Under international law, detention is subject to strict due process, in particular informing the person of the reasons for arrest; basing detention on clear domestic law; promptly taking the person before a judge and charging or releasing them; providing a judicial ruling on the legality of detention; the right to a speedy trial or release from detention; and providing regular opportunities to challenge the lawfulness of a long-term detention. Failure to respect such procedural safeguards makes a detention arbitrary. Under international law, pretrial detention should be the exception, not the rule.

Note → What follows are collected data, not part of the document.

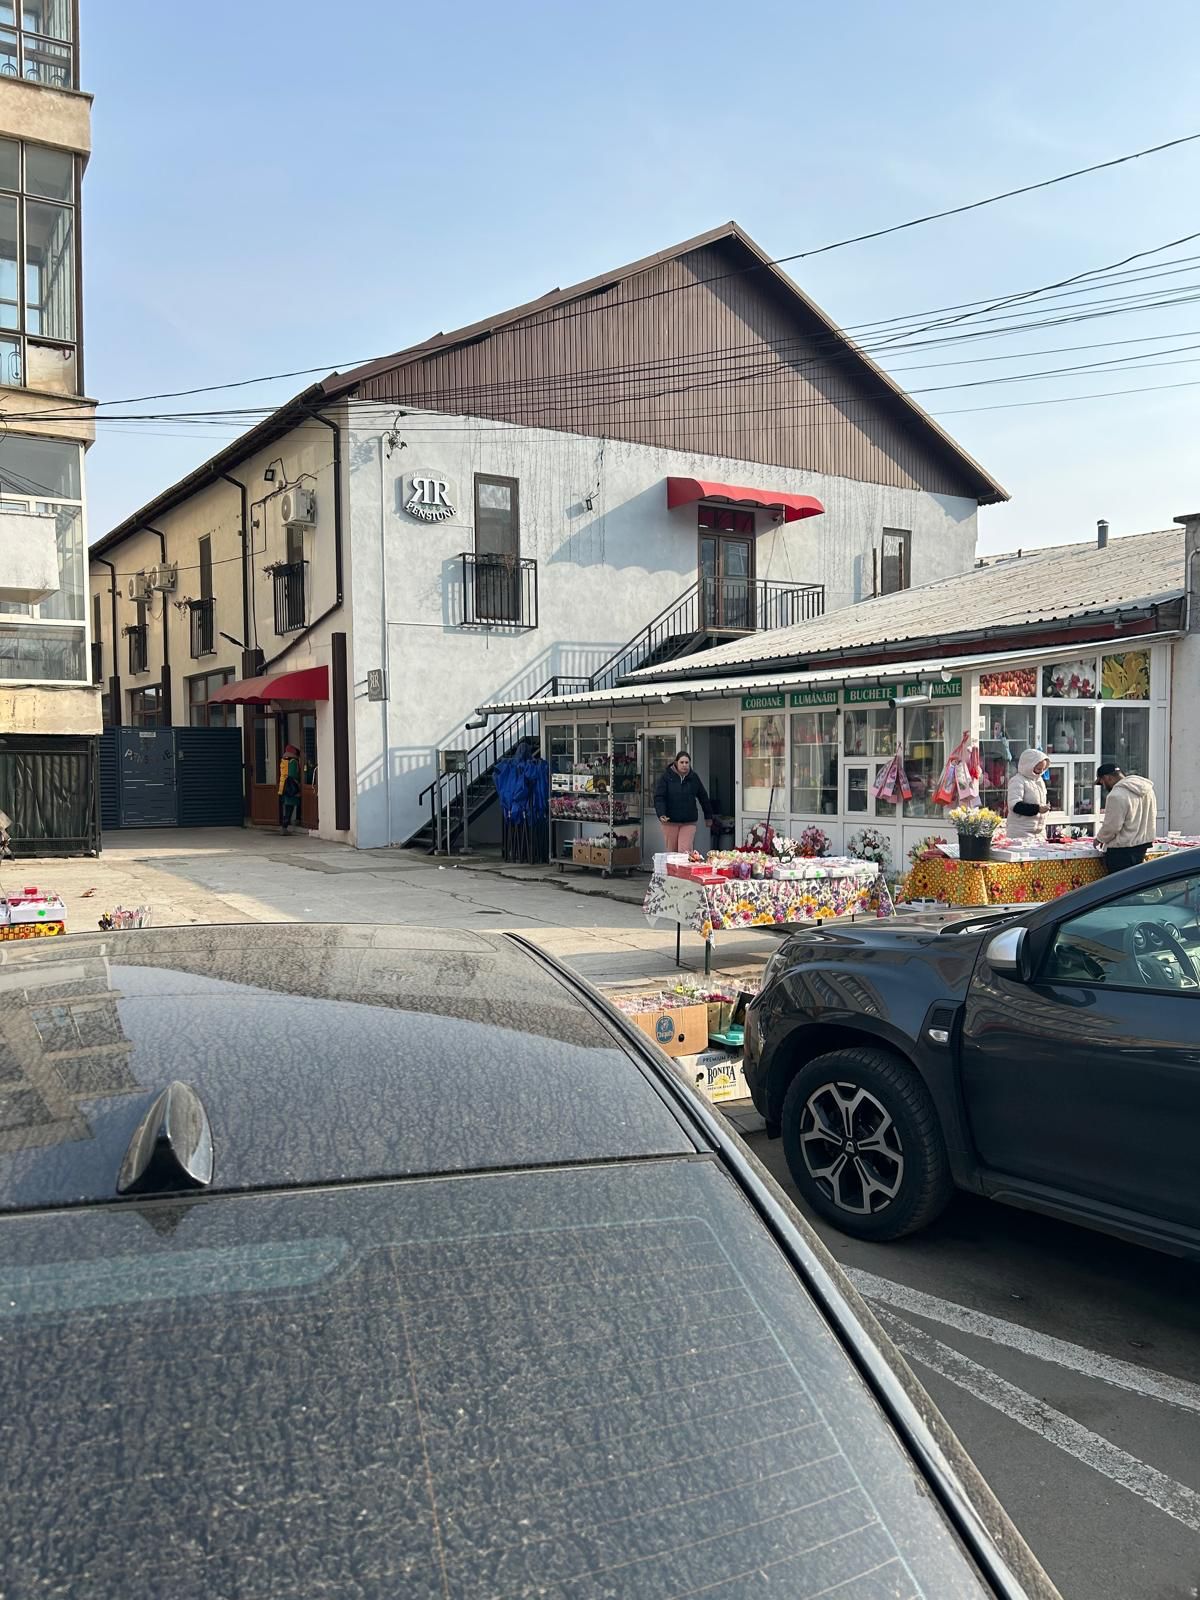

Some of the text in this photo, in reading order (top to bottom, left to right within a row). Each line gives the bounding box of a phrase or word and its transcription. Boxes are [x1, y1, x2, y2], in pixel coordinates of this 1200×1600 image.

[405, 502, 457, 521] PENSIUNE
[850, 688, 893, 701] BUCHETE
[906, 682, 961, 696] ARAAMENTE
[745, 696, 782, 708] COROANE
[707, 1065, 736, 1084] BONITA
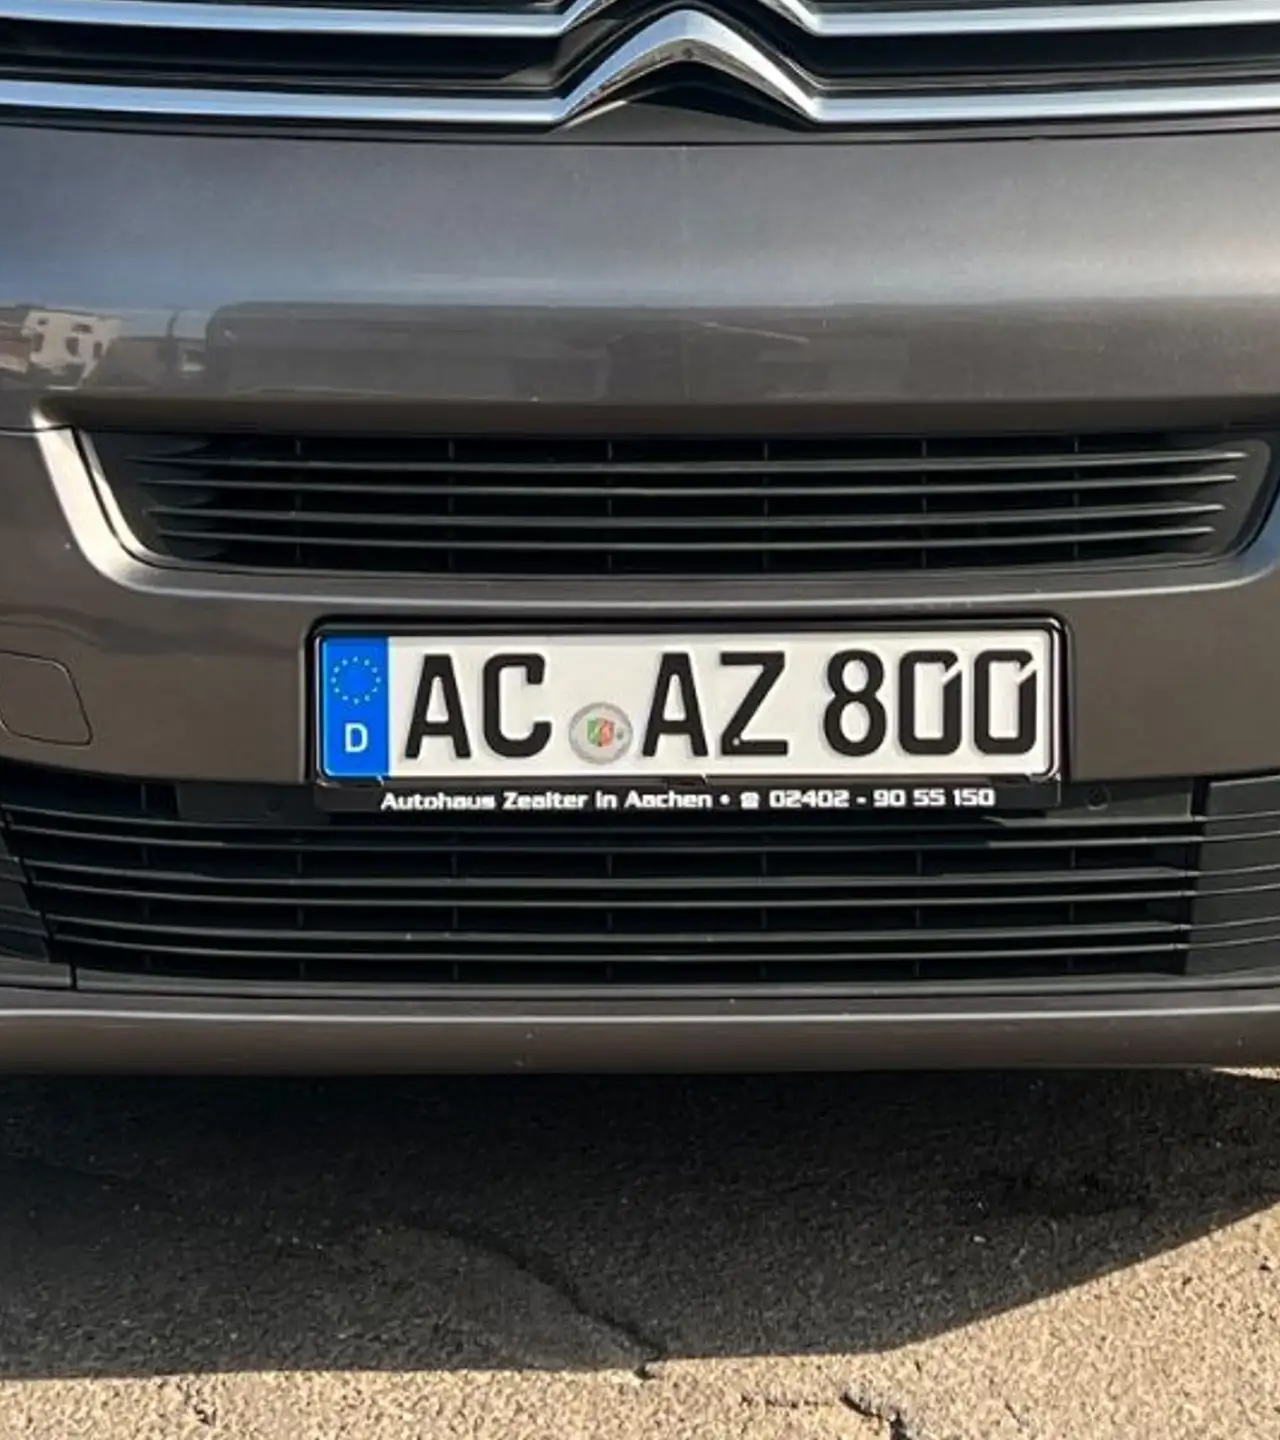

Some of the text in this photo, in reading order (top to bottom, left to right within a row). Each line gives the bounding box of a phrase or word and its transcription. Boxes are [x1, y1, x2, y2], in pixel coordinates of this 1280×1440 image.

Article 9 of the Universal Declaration of Human Rights states: “No one shall be subjected to arbitrary arrest, detention or exile.” Article 9 of the International Covenant on Civil and Political Rights (ICCPR), which Lebanon ratified in 1972, specifies that “[n]o one shall be deprived of his liberty except on such grounds and in accordance with such procedure as are established by law.”
“It’s understandable that people want to know what happened to the Imam Sadr,” Salah said. “But it is unlawful to hold someone in pretrial detention for many years merely for their possible association with the person responsible for wrongdoing.”